One might not expect that Mondella’s death also would have saddened many of New York City’s beekeepers, but it did. People in the beekeeping community, or their bees, had crossed paths with Mondella in 2010, less than five years before he died. In fact, the complications in Mondella’s life that led to his demise had a minor but significant bee component. The first small signs that all was not right with him arrived buzzing in the air. Though circumstances put Mondella and the bees on opposite sides of an issue, the beekeepers still speak admiringly of him, and express regret at his unhappy end.
The summer of 2010 was the hottest ever recorded in the city. By July, heat reflected from the pavement had scorched the leaves of street trees, creating a false, uncolorful fall. In gardens, blossoms dried and withered, and the weeds by highway entrances took on the appearance of twisted wire. As summer progressed, to add a further touch of the apocalyptic, bees returning at the end of the day to hives in Red Hook began to glow an incandescent red. Some local beekeepers found the sight of red bees flying in the sunset strangely beautiful. All of them had noticed that their honey was turning red, too.
What next? they wondered. Bees go through a lot. Colony-collapse disorder—the decimation of entire hives—has been a worrisome problem worldwide. Pesticides, parasites, lack of flowers and other forage, erratic weather, and disease have caused drastic declines in bee populations. Hornets sometimes get into a hive and eat bees, honey, honeycombs, and all. Because the red bees were city bees, nobody took the sudden change in the color of their honey as a promising development.
Until March of that year, it had not been legal to keep bees in the city. A few beekeepers had evaded the ban by camouflaging their hives with faux-brick contact paper or otherwise making them blend in with the rooftops. The outlaws got a kick out of defying former Mayor Rudolph Giuliani, who had initiated the ban. Immediately after the Board of Health voted to lift it, the number of beekeepers multiplied. According to David Selig, a restaurateur who began keeping bees on the roof of his Red Hook apartment building in 2006, the number of hives in the area went from about three to more than a dozen. In the summer’s unprecedented heat, water and nectar became harder to find.

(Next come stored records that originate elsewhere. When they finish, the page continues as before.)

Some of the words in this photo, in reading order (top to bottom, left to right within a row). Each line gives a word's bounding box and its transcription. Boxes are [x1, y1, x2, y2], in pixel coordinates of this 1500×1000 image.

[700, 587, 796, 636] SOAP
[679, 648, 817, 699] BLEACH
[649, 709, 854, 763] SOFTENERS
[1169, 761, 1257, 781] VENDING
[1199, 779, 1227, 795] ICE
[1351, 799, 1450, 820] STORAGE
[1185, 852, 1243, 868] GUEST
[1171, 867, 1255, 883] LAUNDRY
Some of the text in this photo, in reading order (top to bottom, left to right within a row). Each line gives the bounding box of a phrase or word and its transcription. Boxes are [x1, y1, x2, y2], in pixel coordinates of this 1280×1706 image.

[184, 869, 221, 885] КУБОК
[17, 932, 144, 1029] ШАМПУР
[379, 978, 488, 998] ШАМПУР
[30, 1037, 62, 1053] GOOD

At Added Value Farms, a public garden and composting site in Red Hook, Tim O’Neal, who teaches biology in middle school and at Brooklyn College, looked into the problem. O’Neal also keeps bees and writes a blog, Boroughbees. In it he speculated that the red honey might be connected to the nearby service depots for M.T.A. buses, and to a substance called ethylene glycol. Bees, pets, and children have been known to sample motor fluids that contain ethylene glycol, because it tastes sweet. The results are sometimes fatal. He thought the bees might be bringing back spilled transmission fluid or antifreeze from the depots, and he advised his fellow-beekeepers not to taste any red honey until it had been tested. Cerise Mayo, a food and farm consultant who kept bees both in the garden and on Governors Island, just off the Red Hook shore, wondered why her island bees, separated from land by six hundred yards of water, were also producing red honey.
No one is sure who first began to think of the cherry factory. Bees were observed flying in its direction and visiting puddles of red juice around it on the sidewalk. In early September, O’Neal took chunks of honeycomb from hives in and near the garden, put them in fifty-millilitre sample tubes, and mailed them to the state apiculturist, in Albany, for testing. About a month later, he received the results: the honey tested positive for F.D.&C. Red No. 40, a food-safe dye, which is an ingredient of the maraschino syrup used by the Dell’s factory.

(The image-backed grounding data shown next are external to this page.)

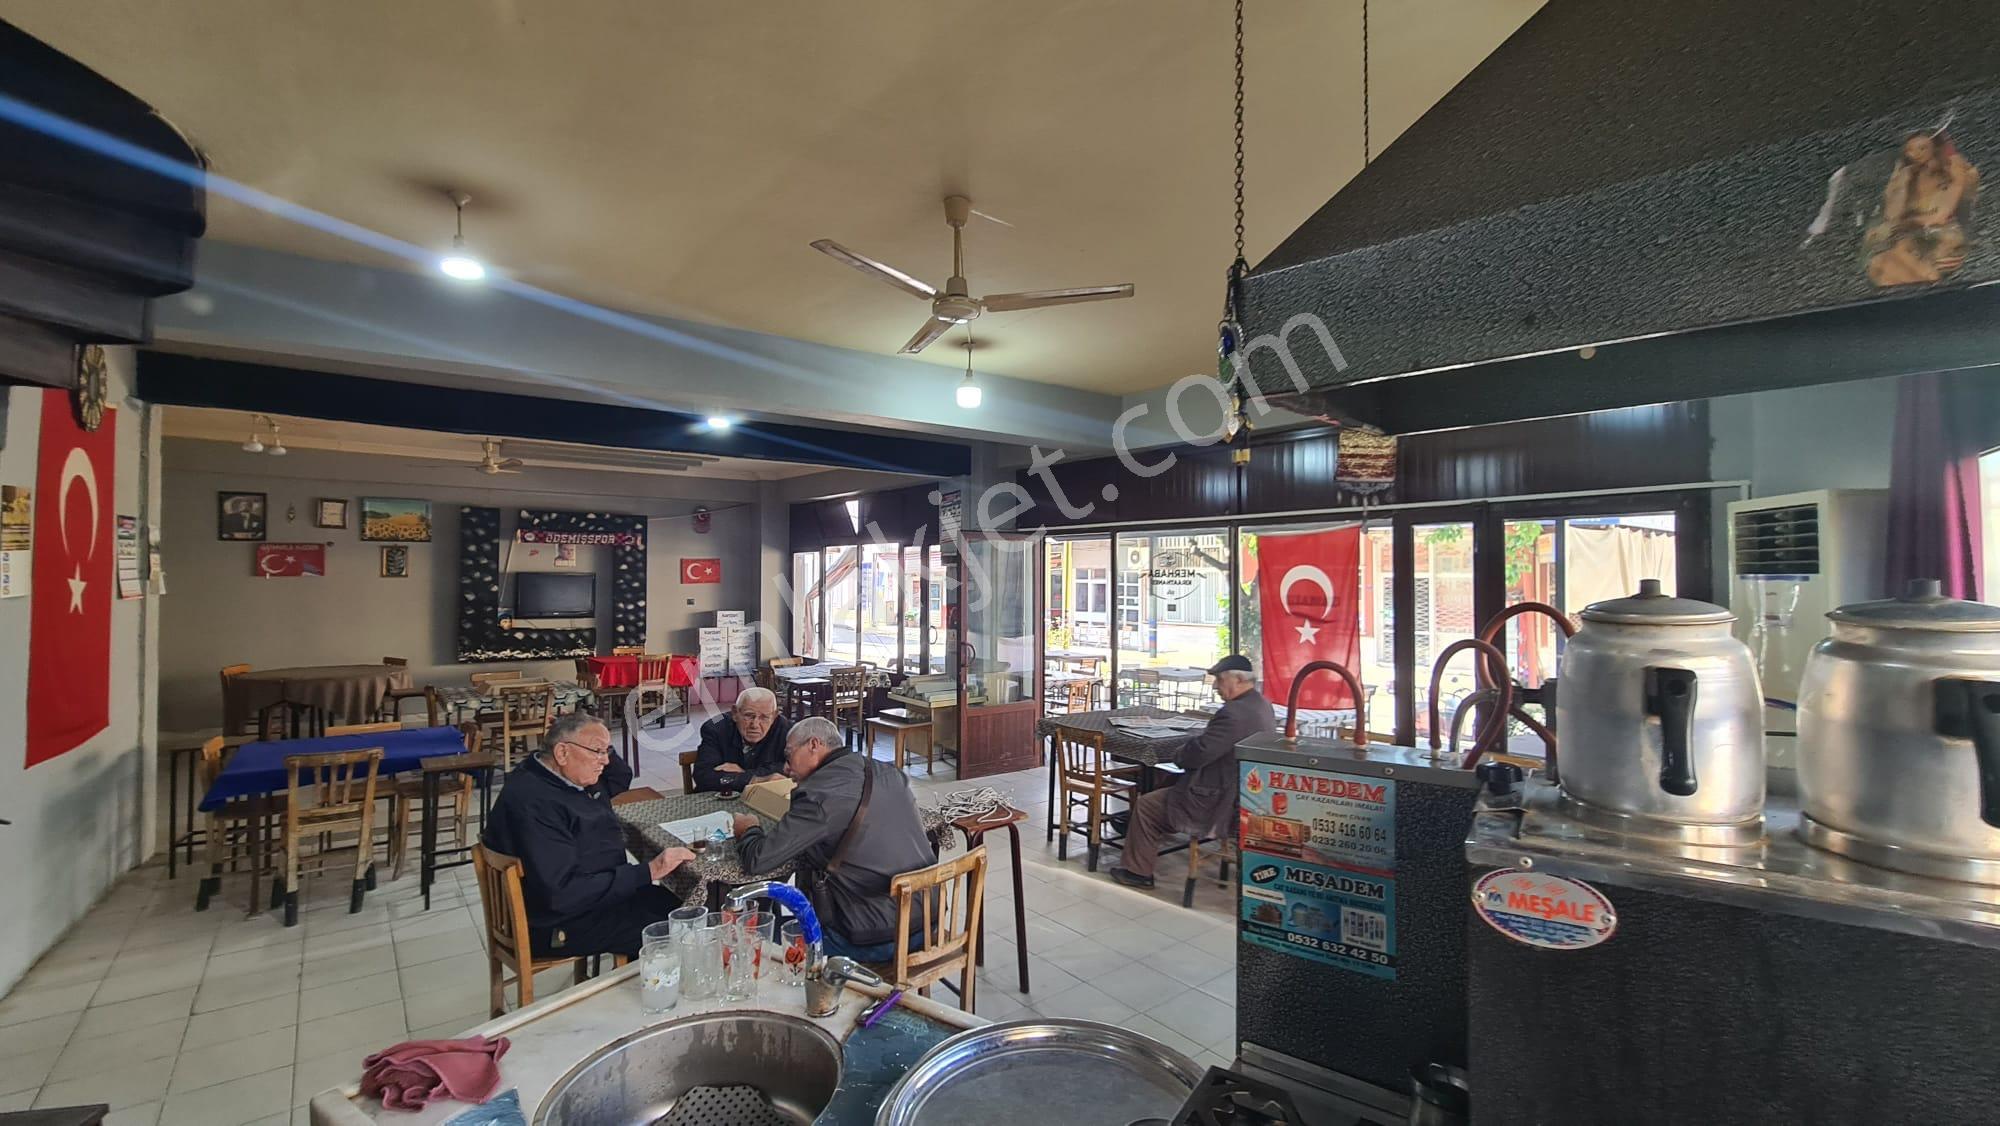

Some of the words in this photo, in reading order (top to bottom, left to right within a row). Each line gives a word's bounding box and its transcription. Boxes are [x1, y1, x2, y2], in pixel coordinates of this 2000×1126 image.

[1268, 771, 1387, 803] HANEDEM
[1311, 835, 1337, 849] 0232
[1312, 818, 1336, 834] 0533
[1339, 821, 1357, 838] 416
[1358, 825, 1372, 841] 60
[1284, 866, 1385, 899] MEŞADEM
[1508, 891, 1595, 921] MEŞALE
[1287, 932, 1319, 948] 0532
[1322, 940, 1347, 955] 632
[1350, 946, 1367, 960] 42
[1371, 953, 1389, 965] 50

In November, the Times broke the story, which ran on the front page, under the headline “In Mystery (and Culture Clash), Some Brooklyn Bees Turn Red.” Cerise Mayo was quoted, voicing her distress that her bees were getting their honey from the syrup. Because her name sounded possibly made up, and her first name means “cherry” in French, a Times researcher had called her to make sure she was real. The story considered the problem in the context of the gentrification of Red Hook, with the factory standing for the old neighborhood and the beekeepers for the new. The idea of the red bees somehow clicked with readers, and scores of news outlets picked the story up. David Selig, whom it also mentioned, turned on his computer the morning the story came out and found “three thousand e-mails—from people I’d never heard of and from everybody I ever knew.”

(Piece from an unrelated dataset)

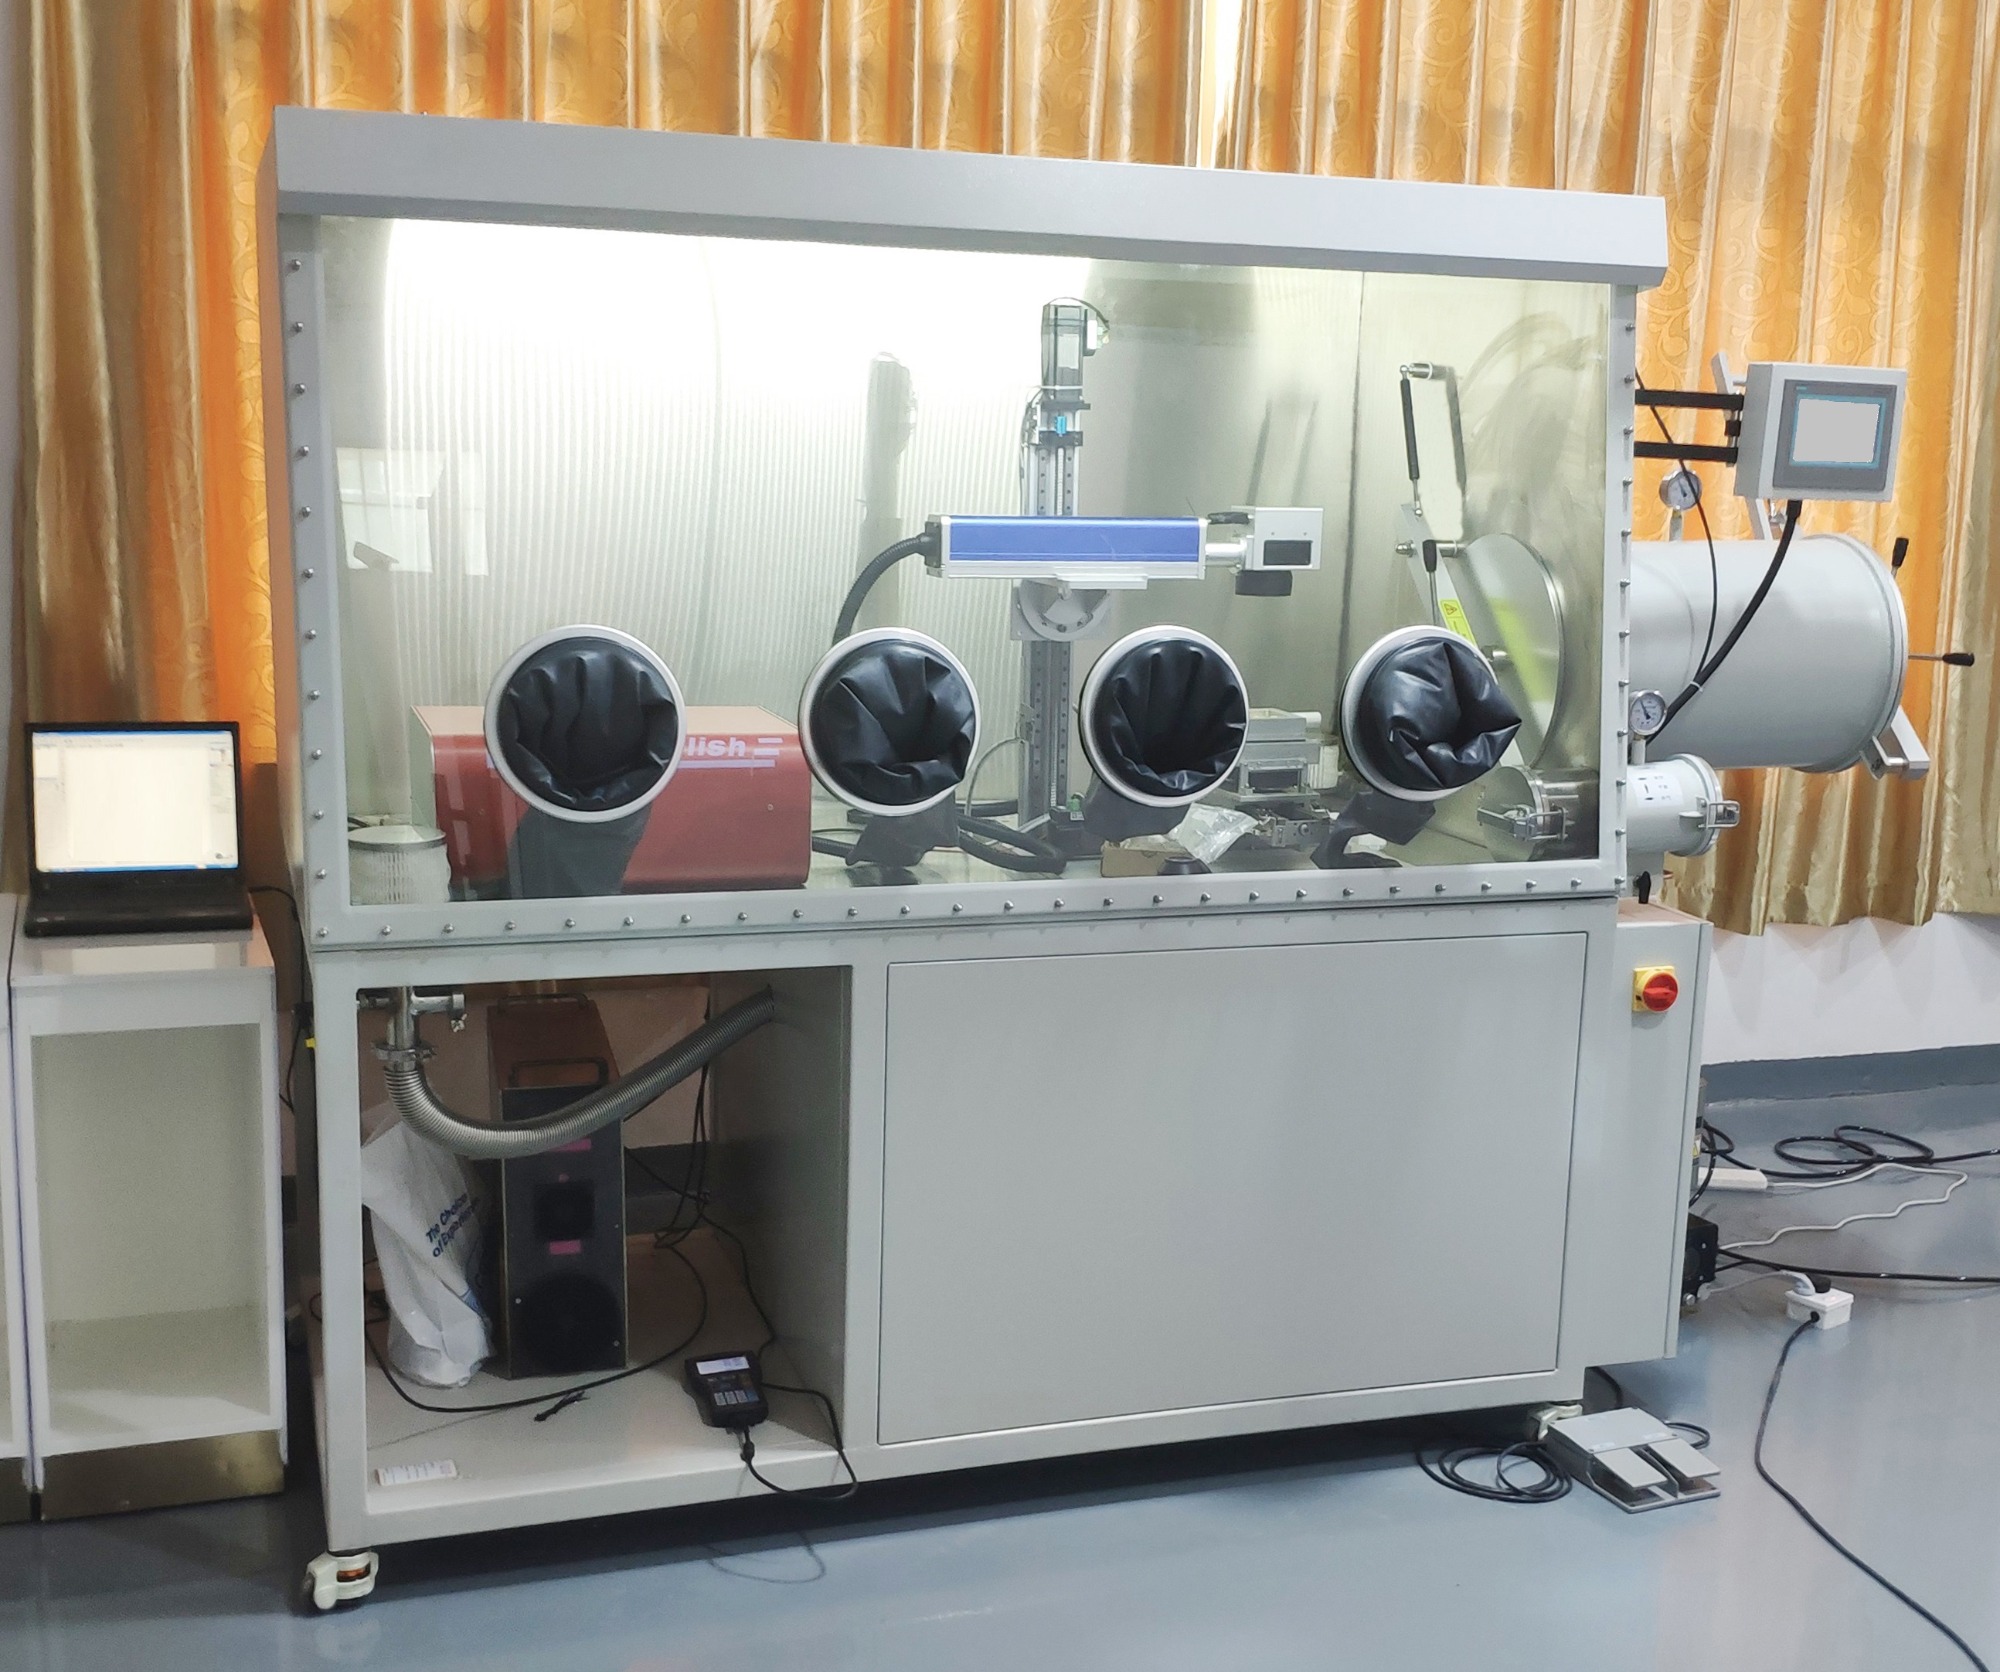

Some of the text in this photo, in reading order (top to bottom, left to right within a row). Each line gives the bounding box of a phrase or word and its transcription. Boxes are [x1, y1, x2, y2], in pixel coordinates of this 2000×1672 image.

[686, 736, 747, 757] lish
[425, 1223, 441, 1244] The
[432, 1239, 445, 1258] of

The Times story contained no quotes from Arthur Mondella, who had not returned phone calls asking for comment. It noted that Mondella had been in touch with Andrew Coté, the founder of the New York City Beekeepers Association, to try to find a solution. Coté is the most famous beekeeper in New York. He keeps bees at several city sites, including on the grounds of the U.N., and sells New York City honey at the Union Square Greenmarket. He is a handsome, hazel-eyed man of French-Canadian parentage, with a suave black beard going gray. Coté’s life has included many adventures, such as hanging upside down nineteen stories above Times Square to remove a swarm of bees from a window washer’s stanchion with a special low-suction bee-vacuuming device he built himself, and securing hives on a roof at the request of Secret Service agents who planned to position snipers there and did not want any bees getting into a sniper’s ear.
“The red honey tasted terrible, by the way,” Coté told me one afternoon at his market stall. “It was sickly sweet, kind of metallic-tasting, and watery. But, after the story went all over the place online, I could’ve sold a ton of it. I had dozens of customers asking for it. And all that red honey ended up being thrown out, and those beekeepers lost a season of production.” He showed me a few vials of the red honey he had kept as souvenirs.
“I really liked Arthur Mondella,” Coté went on. “Arthur was genuine, a true Brooklyn guy, and he had that accent. Out of the blue, before the newspaper story, he got in touch about the bee situation and asked me to come to the factory. I didn’t go until right after the story appeared. I knew there would be a lot of reporters around, so I asked if he could be there really early, like 5 A.M. He said, ‘I will make it my business to be there.’ I’ll always remember that. I showed him how to put some screens up, make the lids of his bins tighter, control the spills. It was not a difficult adjustment at all, and we solved the problem. Afterward, I sent him an invoice for my services, he paid it, and that was that. Throughout the whole thing he was a gentleman.”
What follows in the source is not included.